> Task details
Skip the pictures and return every entry exactly as written.

> Extracted material

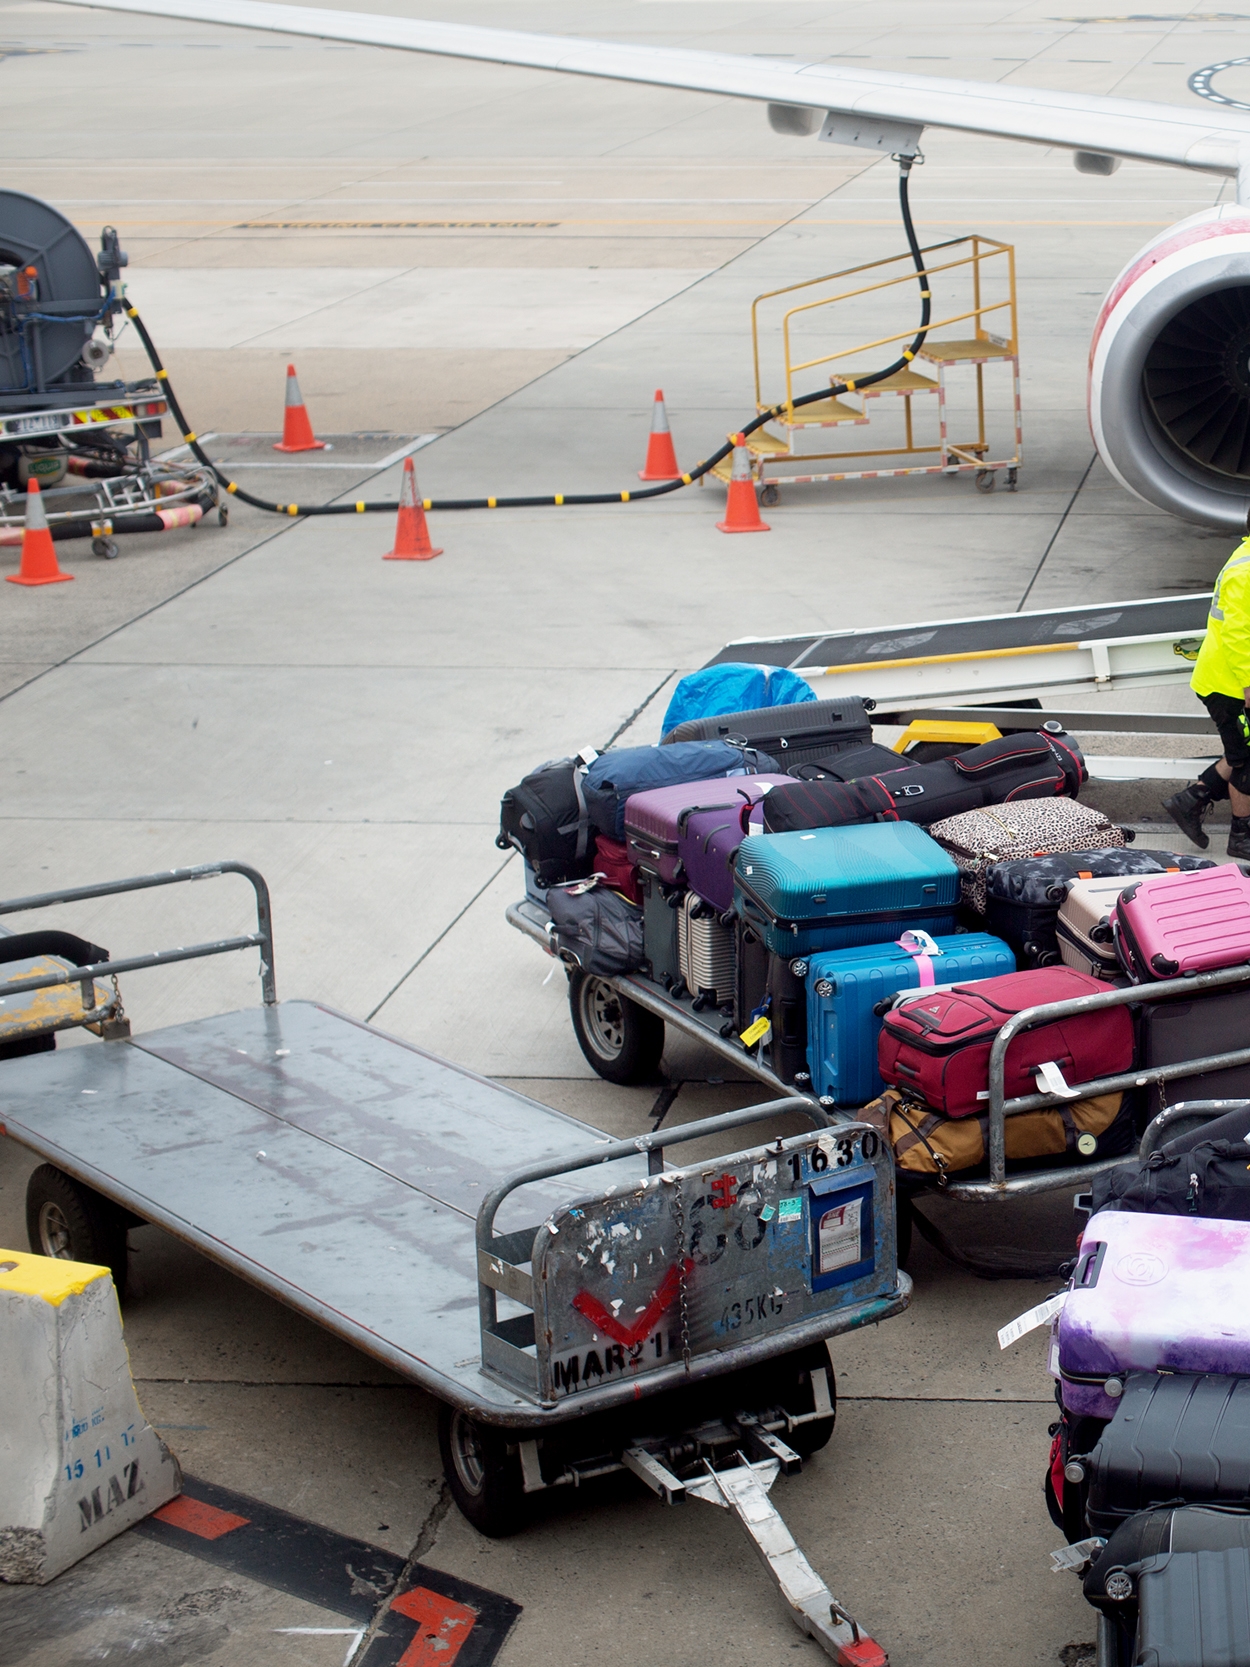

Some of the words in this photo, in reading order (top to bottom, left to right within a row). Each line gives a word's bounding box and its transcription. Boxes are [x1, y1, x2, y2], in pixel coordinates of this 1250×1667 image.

[787, 1131, 878, 1180] 1630
[554, 1344, 626, 1389] MAR
[64, 1458, 84, 1481] 15
[77, 1458, 146, 1534] MAZ
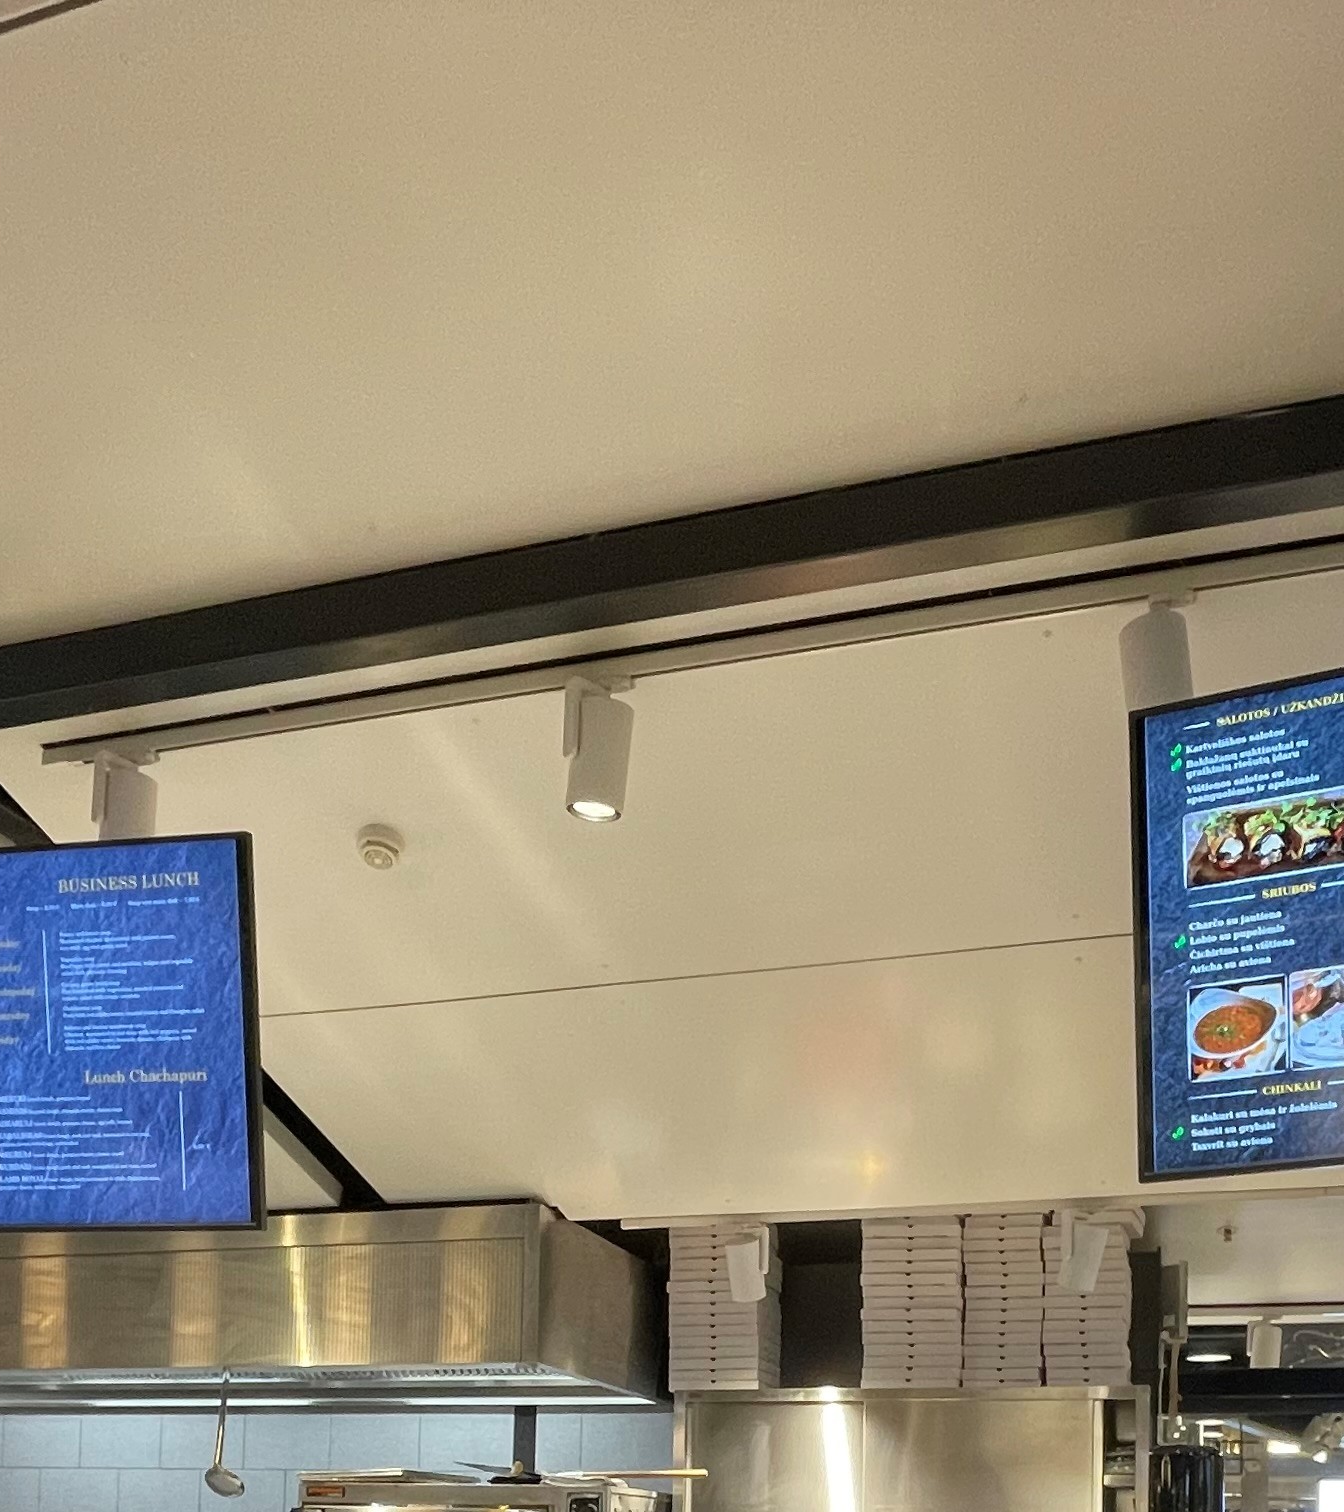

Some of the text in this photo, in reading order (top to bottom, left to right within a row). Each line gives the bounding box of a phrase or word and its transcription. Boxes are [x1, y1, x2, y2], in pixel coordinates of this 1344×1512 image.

[1216, 708, 1270, 727] SALOTOS
[1297, 739, 1309, 747] su
[1272, 770, 1284, 778] su
[1257, 783, 1265, 791] ir
[59, 871, 199, 894] BUSINESS LUNCH
[1262, 883, 1316, 899] SRIUBOS
[1227, 917, 1238, 926] su
[1220, 932, 1231, 941] su
[1241, 944, 1253, 952] su
[1225, 961, 1236, 969] su
[85, 1069, 208, 1084] Lunch Chachapuri
[1263, 1080, 1322, 1096] CHINKALI
[1278, 1106, 1286, 1114] ir
[1225, 1126, 1236, 1134] su

> Written answer
Some of the words in this photo, in reading order (top to bottom, left to right within a row). Each line gives a word's bounding box and its transcription. Boxes are [x1, y1, x2, y2], in pixel coordinates of this 1250×1667 image.

[787, 1131, 878, 1180] 1630
[554, 1344, 626, 1389] MAR
[64, 1458, 84, 1481] 15
[77, 1458, 146, 1534] MAZ

Some of the text in this photo, in reading order (top to bottom, left to right within a row). Each line gives the bounding box of a phrase or word and its transcription. Boxes are [x1, y1, x2, y2], in pixel coordinates of this 1344×1512 image.

[1216, 708, 1270, 727] SALOTOS
[1297, 739, 1309, 747] su
[1272, 770, 1284, 778] su
[1257, 783, 1265, 791] ir
[59, 871, 199, 894] BUSINESS LUNCH
[1262, 883, 1316, 899] SRIUBOS
[1227, 917, 1238, 926] su
[1220, 932, 1231, 941] su
[1241, 944, 1253, 952] su
[1225, 961, 1236, 969] su
[85, 1069, 208, 1084] Lunch Chachapuri
[1263, 1080, 1322, 1096] CHINKALI
[1278, 1106, 1286, 1114] ir
[1225, 1126, 1236, 1134] su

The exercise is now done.